Michael Coogan is director-general of the Council of Mortgage Lenders, a trade association for building societies and banks operating in the mortgage market. It is in no way, shape or form a consumers' association. Its role, in its own words, is to 'establish and maintain a favourable operating environment in the residential mortgage and related housing markets in the UK'.
Favourable for whom? It doesn't say, but it seems fair to assume it is a PR front for the lenders, aimed primarily at encouraging people to buy more mortgages. And what's wrong with that? Governments have for the past 20 years encouraged us to buy our homes, increase our stake in society, and so on.
They have all chosen to ignore what happens when the housing market crashes. After the terrible problems of a dozen years ago, which left thousands of buyers bankrupt and homeless, we have gone down the same road again - driven by Coogan and his members, the very mortgage lenders who lent money willy-nilly in the 1980s then repossessed all those homes.

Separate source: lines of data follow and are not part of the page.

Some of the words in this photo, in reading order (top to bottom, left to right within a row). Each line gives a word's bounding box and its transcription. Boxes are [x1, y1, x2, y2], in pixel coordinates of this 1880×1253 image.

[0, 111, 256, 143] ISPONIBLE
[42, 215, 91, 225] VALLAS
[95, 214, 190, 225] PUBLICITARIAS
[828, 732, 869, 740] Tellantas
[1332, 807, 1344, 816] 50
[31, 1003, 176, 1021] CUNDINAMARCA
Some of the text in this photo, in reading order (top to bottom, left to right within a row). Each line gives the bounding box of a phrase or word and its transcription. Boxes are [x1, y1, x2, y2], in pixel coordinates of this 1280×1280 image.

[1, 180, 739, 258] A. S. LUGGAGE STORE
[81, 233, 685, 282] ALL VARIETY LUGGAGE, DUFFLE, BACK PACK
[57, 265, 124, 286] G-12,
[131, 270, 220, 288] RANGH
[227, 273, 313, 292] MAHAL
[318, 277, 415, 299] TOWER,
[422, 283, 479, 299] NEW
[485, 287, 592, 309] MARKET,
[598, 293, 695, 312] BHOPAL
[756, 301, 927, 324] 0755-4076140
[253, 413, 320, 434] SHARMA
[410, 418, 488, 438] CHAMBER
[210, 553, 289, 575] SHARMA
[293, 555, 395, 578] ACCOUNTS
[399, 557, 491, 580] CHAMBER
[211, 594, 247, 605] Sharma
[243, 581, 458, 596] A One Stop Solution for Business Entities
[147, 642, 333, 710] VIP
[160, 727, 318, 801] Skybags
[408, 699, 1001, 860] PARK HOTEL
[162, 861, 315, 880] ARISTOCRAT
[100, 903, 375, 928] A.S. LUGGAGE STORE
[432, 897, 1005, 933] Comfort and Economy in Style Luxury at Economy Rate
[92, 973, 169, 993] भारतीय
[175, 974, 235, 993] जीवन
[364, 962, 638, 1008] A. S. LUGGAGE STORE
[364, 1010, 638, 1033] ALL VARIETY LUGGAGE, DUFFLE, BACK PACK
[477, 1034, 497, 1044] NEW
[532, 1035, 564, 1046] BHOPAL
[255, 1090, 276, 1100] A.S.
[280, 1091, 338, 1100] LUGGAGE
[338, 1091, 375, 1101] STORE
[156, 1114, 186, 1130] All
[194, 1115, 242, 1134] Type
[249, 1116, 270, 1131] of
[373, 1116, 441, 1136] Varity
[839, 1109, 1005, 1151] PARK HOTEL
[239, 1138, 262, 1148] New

But what is really worrying is a statement he put out last month - Coogan's Bluff seems a suitable title - calling on the Bank of England to raise interest rates to stop property prices from spiralling out of control. Of course, this was fatuous in that they are already out of control. Worse than the fatuity, though, was the disingenuousness of it. Coogan's statement was an attempt at pre-emptive buck-passing, and as cynical a ploy as I've seen.
If Coogan and his members had been serious about wanting to rein in prices, they would have restrained their lending long ago. It is not as if rampant rises are a brand new phenomenon. Over the past seven or eight years, prices in London have risen two-, three- or even four-fold, and the rest of the country isn't far behind.

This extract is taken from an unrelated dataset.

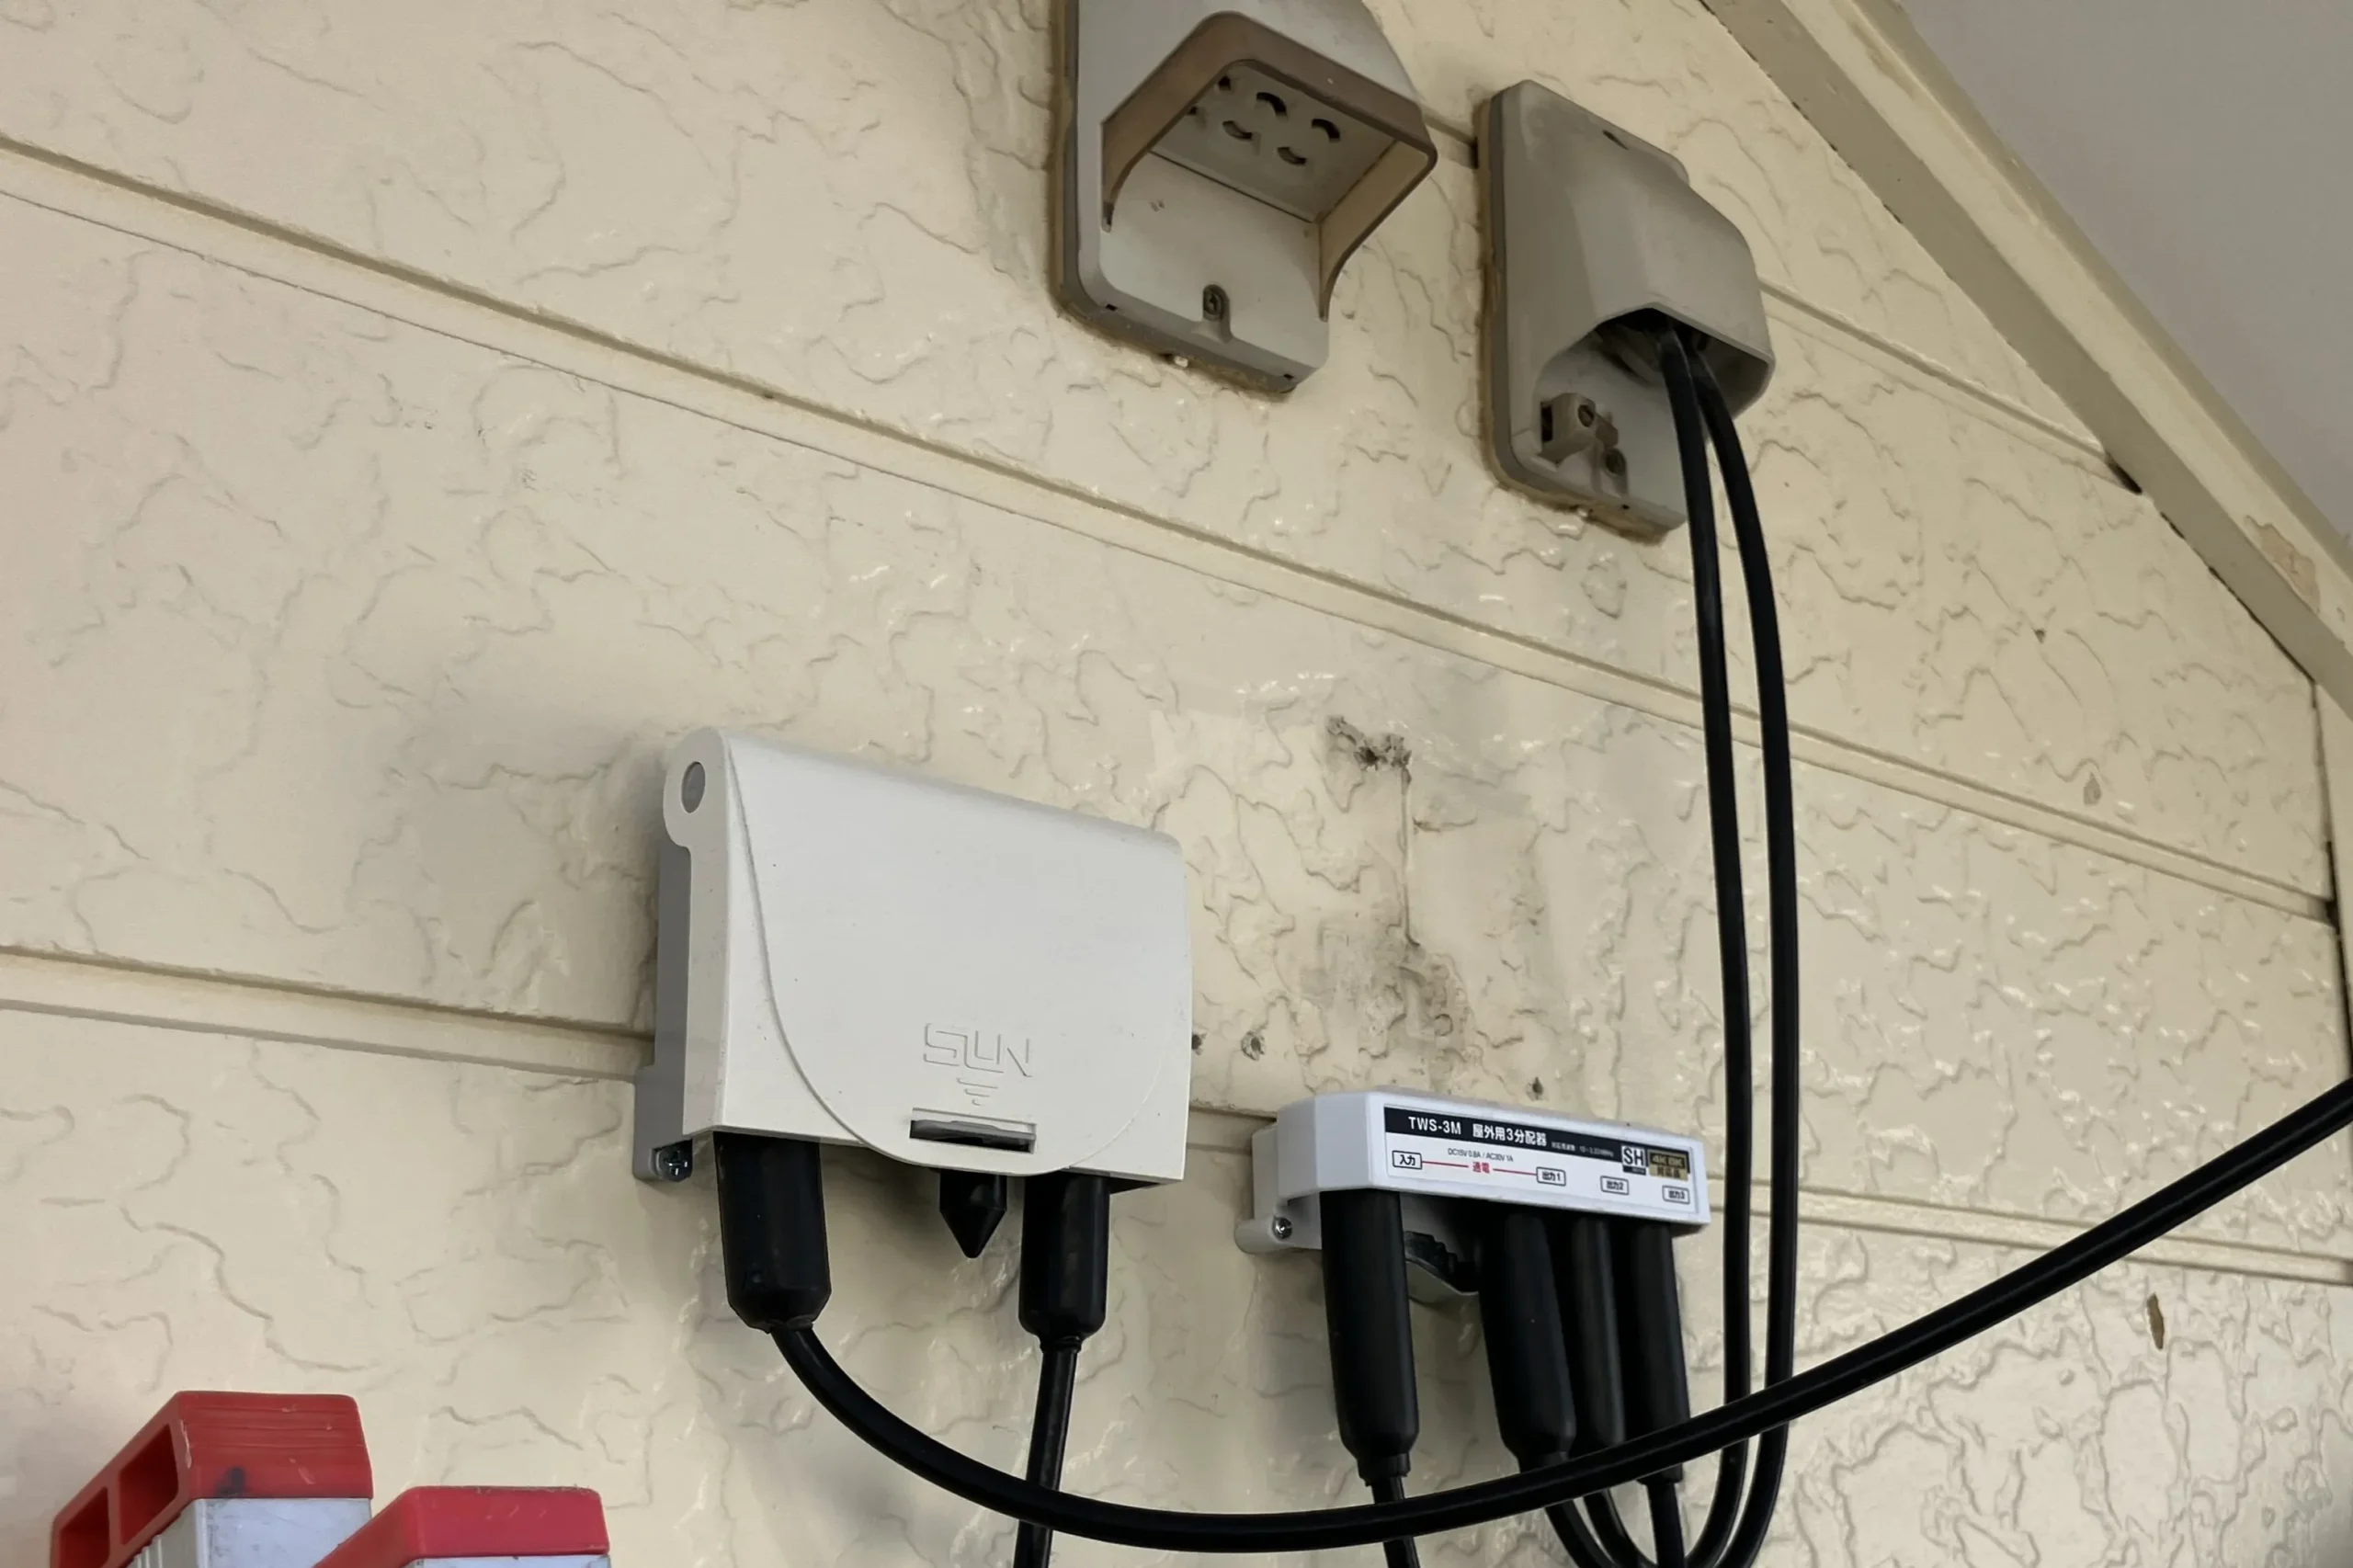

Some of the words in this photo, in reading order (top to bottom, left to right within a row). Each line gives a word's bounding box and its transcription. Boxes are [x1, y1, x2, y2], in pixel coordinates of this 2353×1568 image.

But lenders threw caution to the winds.Their call for Bank of England intervention is the surest sign yet that they now anticipate the worst and are trying to cover their backs.
Coogan's members will be keenly aware that consumers have been borrowing record amounts on the back of their paper property profits. That, and unprecedented levels of remortgaging, is what has kept the spending boom going far longer than reason dictated.
So when the property crash comes, homeowners will realise that they have vast credit-card bills that are not supported nearly so well as they thought by the equity in their homes. Even those not squeezed into negative equity will feel poor and stop spending. And Britain will feel the effects of a full-blown recession.
And it will get worse before it gets better, because so many households rely on two salaries to fund their mortgages (the average home now costs five times the average wage). With tens of thousands of layoffs a real possibility, many households may fall into arrears serious enough to trigger a new wave of repossessions.
And all this credit has been extended by the same institutions as have been selling the mortgages: Coogan's members. They are rightly terrified of the opprobrium that will be heaped upon them in the wake of such a calamity. No wonder Coogan called on the Government last November to improve state benefits for borrowers who fall into financial difficulties.
But maybe I'm wrong and Coogan isn't cynically attempting to protect his paymasters. After all, there is considerable evidence that he is quite simply wrong a lot of the time.
In June 2000, he said: 'The increase in transactions during the late 1980s was a one-off event.' In August last year, he said homeowners were in a good position to cope with an economic slump because low interest rates meant mortgages were affordable. Does his recent demand for base rate rises, mean he now wants mortgages to be unaffordable?
At the same time, he said the housing boom had peaked, and predicted property price rises of 3 per cent this year. The current (annualised) rate is 16 per cent. Last November, he said of buy-to-let properties: 'There is the potential for them to make good long-term returns.' Yields on buy-to-let have fallen from a high of 10 per cent to a current 3 per cent or even less.
What will Coogan say next? I can't wait, but in the meantime I'll be talking urgently to my estate agent.